**Aim of the task:**
All of the data should be copied exactly, with the pictures left out.

**Provided information:**
========================================

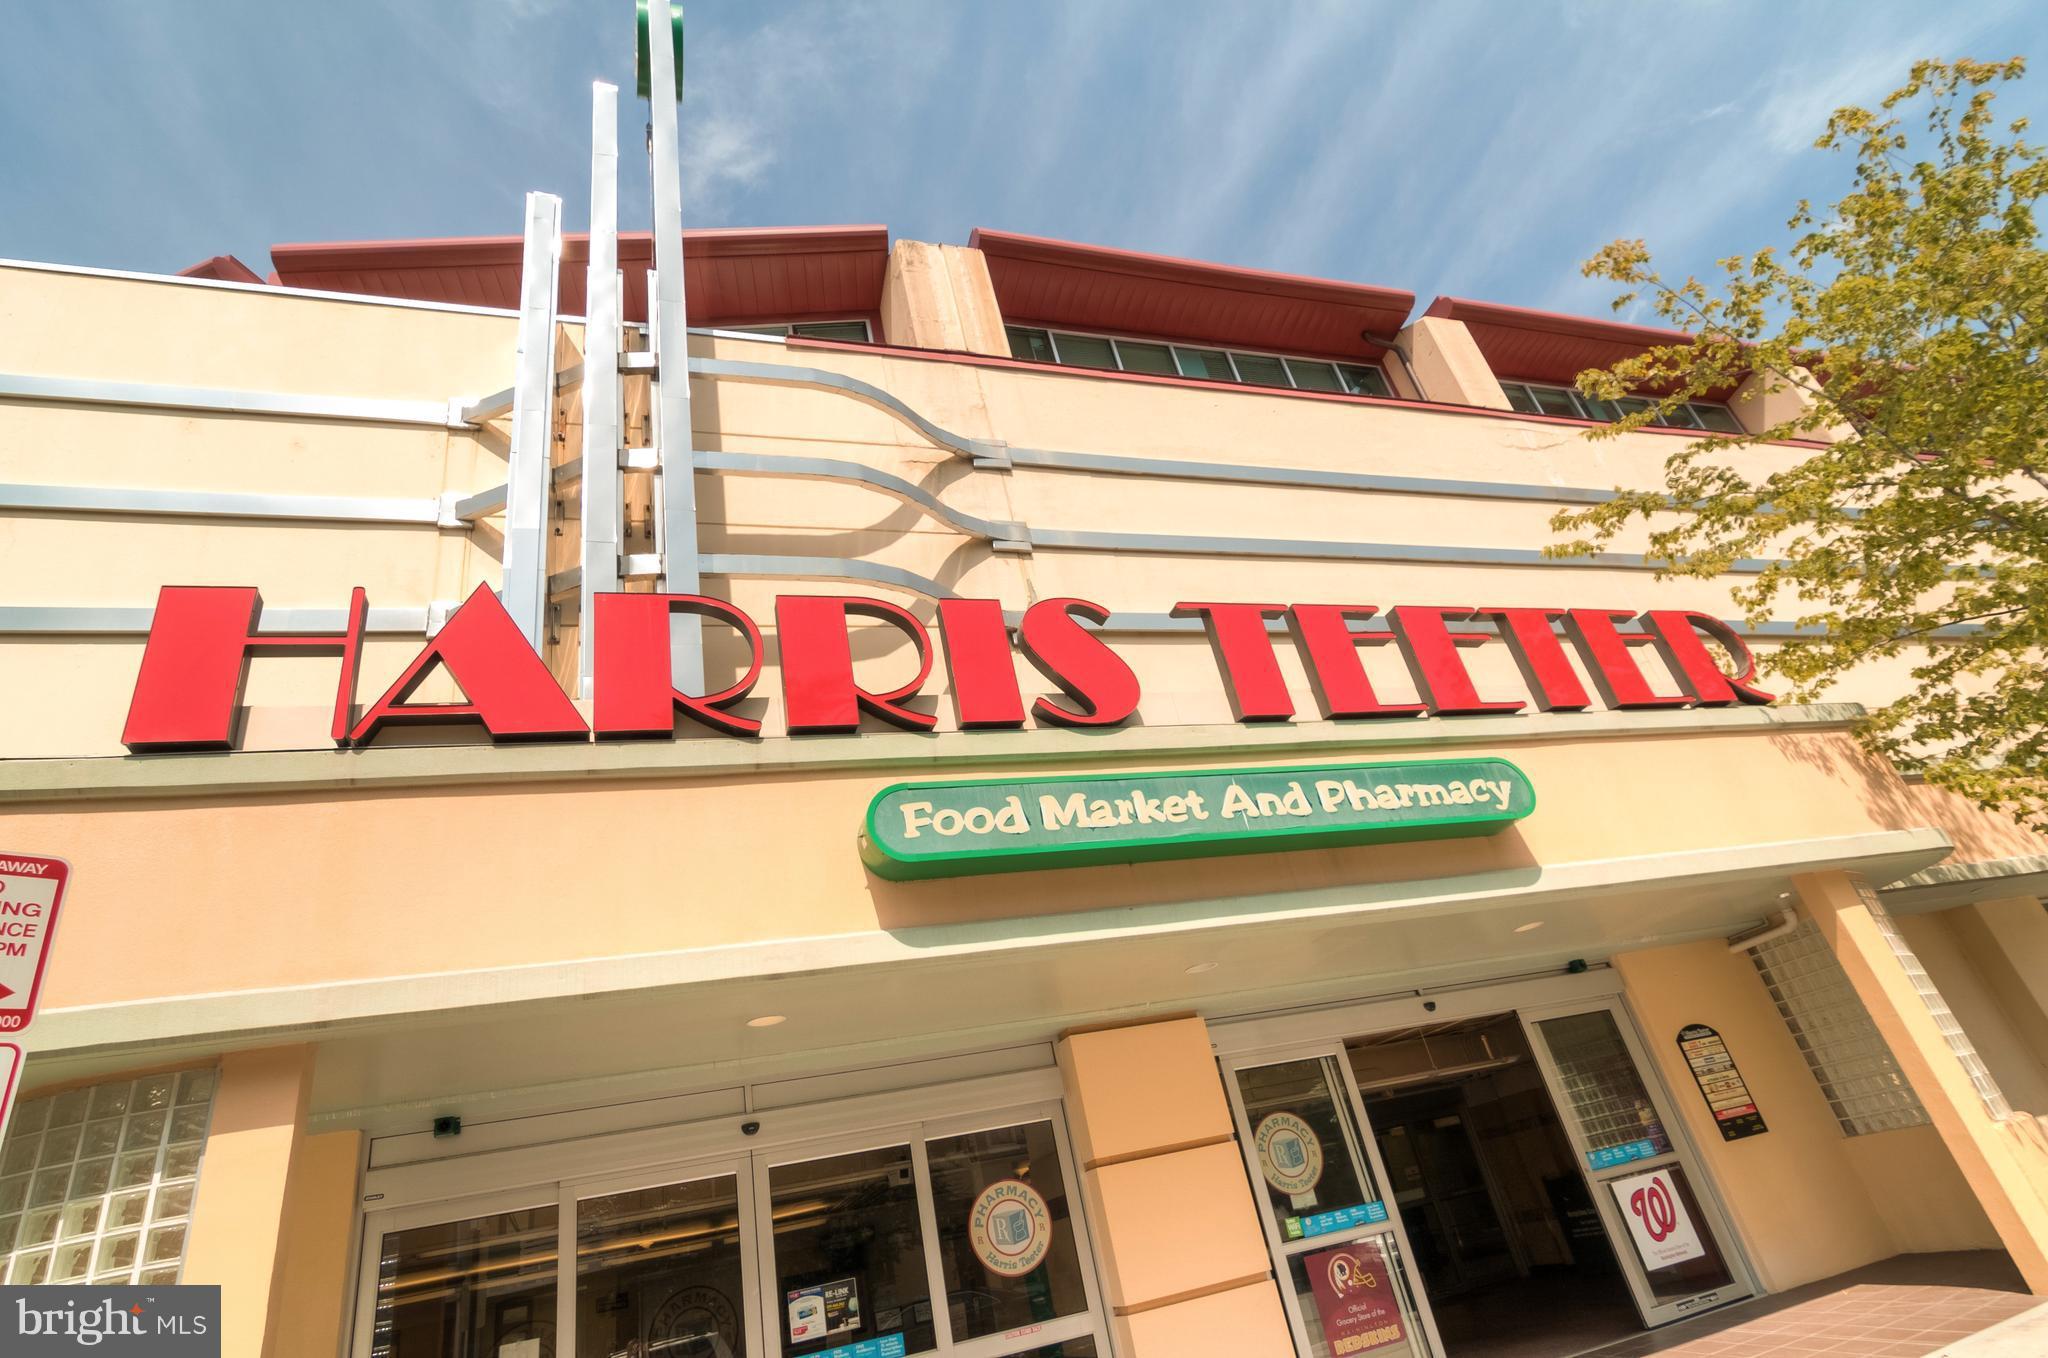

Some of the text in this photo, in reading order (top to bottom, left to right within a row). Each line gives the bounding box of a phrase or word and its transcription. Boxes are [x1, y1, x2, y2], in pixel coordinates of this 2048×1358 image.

[121, 581, 1777, 748] HARRIS TEETER
[899, 778, 1512, 839] Food Market And Pharmacy
[1258, 1116, 1315, 1153] PHARMACY
[974, 1183, 1045, 1229] PHARMACY
[985, 1240, 1045, 1270] Harris Teeter
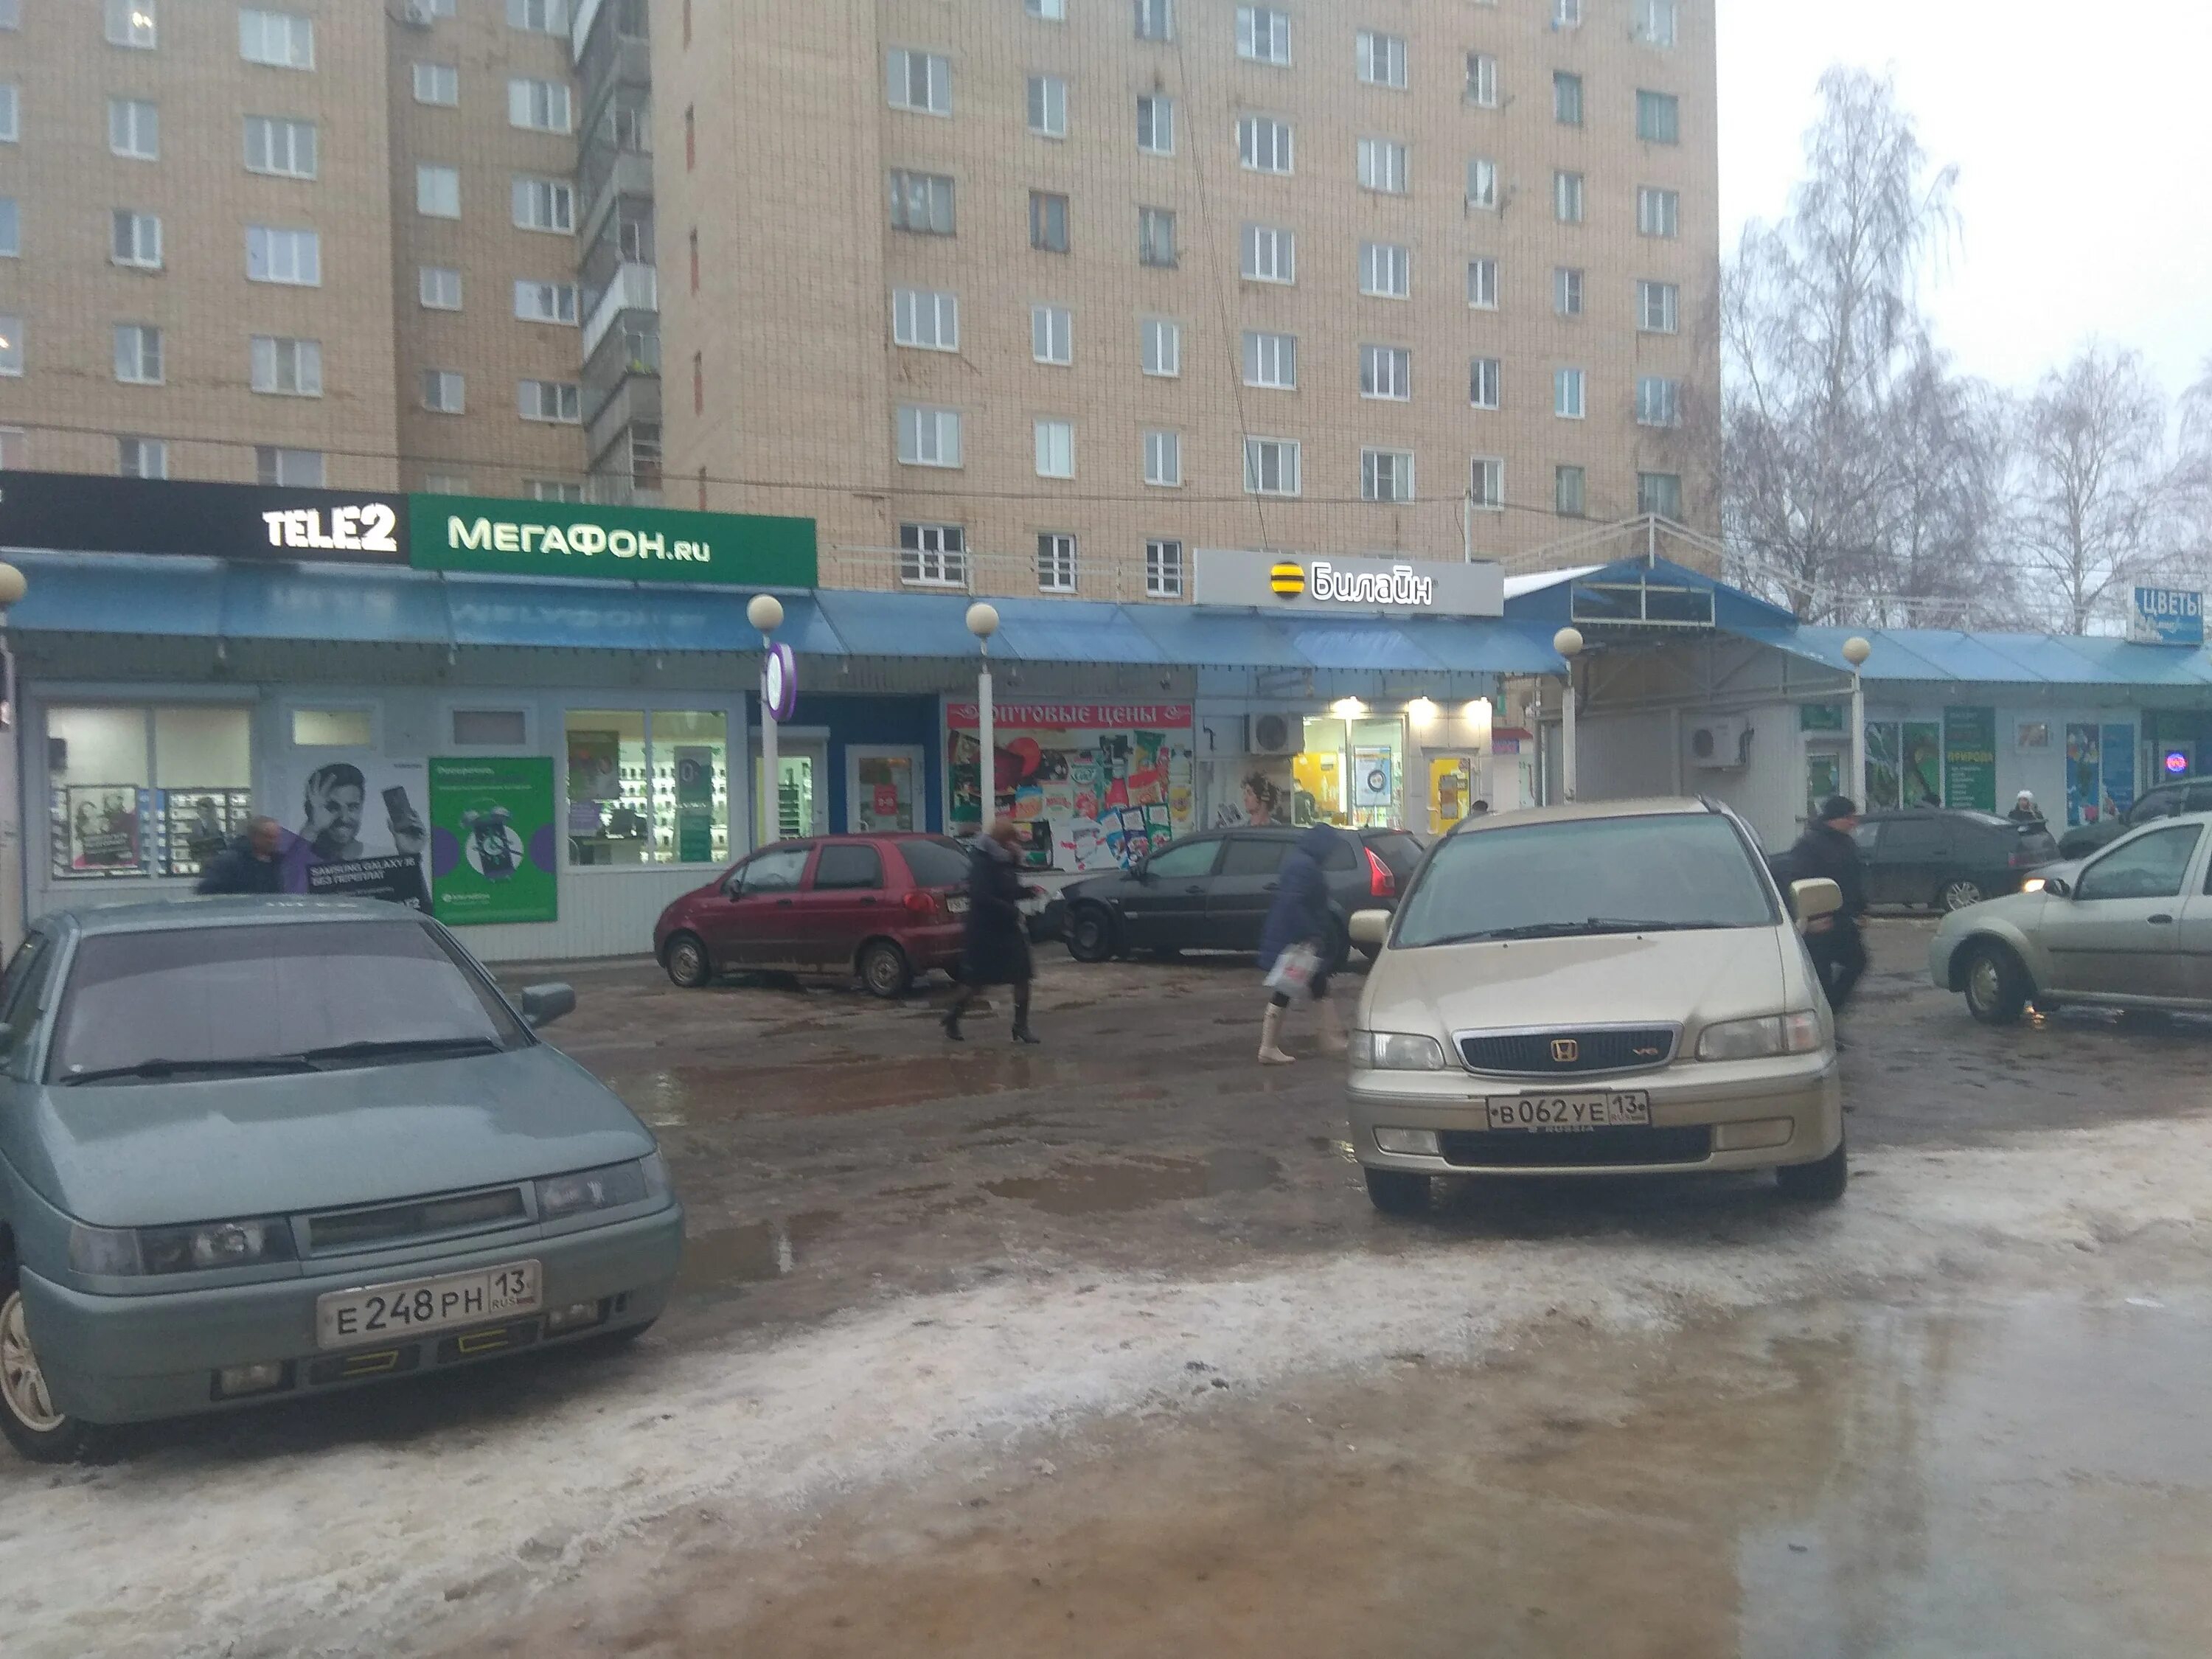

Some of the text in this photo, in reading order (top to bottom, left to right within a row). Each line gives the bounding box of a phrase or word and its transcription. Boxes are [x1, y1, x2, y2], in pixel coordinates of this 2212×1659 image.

========================================

**Solution to the exercise:**
Some of the text in this photo, in reading order (top to bottom, left to right within a row). Each line gives the bounding box of a phrase or word and its transcription. Boxes are [x1, y1, x2, y2], in pixel coordinates of this 2048×1358 image.

[121, 581, 1777, 748] HARRIS TEETER
[899, 778, 1512, 839] Food Market And Pharmacy
[1258, 1116, 1315, 1153] PHARMACY
[974, 1183, 1045, 1229] PHARMACY
[985, 1240, 1045, 1270] Harris Teeter

Some of the text in this photo, in reading order (top to bottom, left to right within a row). Each line gives the bounding box of a phrase or word and its transcription. Boxes are [x1, y1, x2, y2], in pixel coordinates of this 2212×1659 image.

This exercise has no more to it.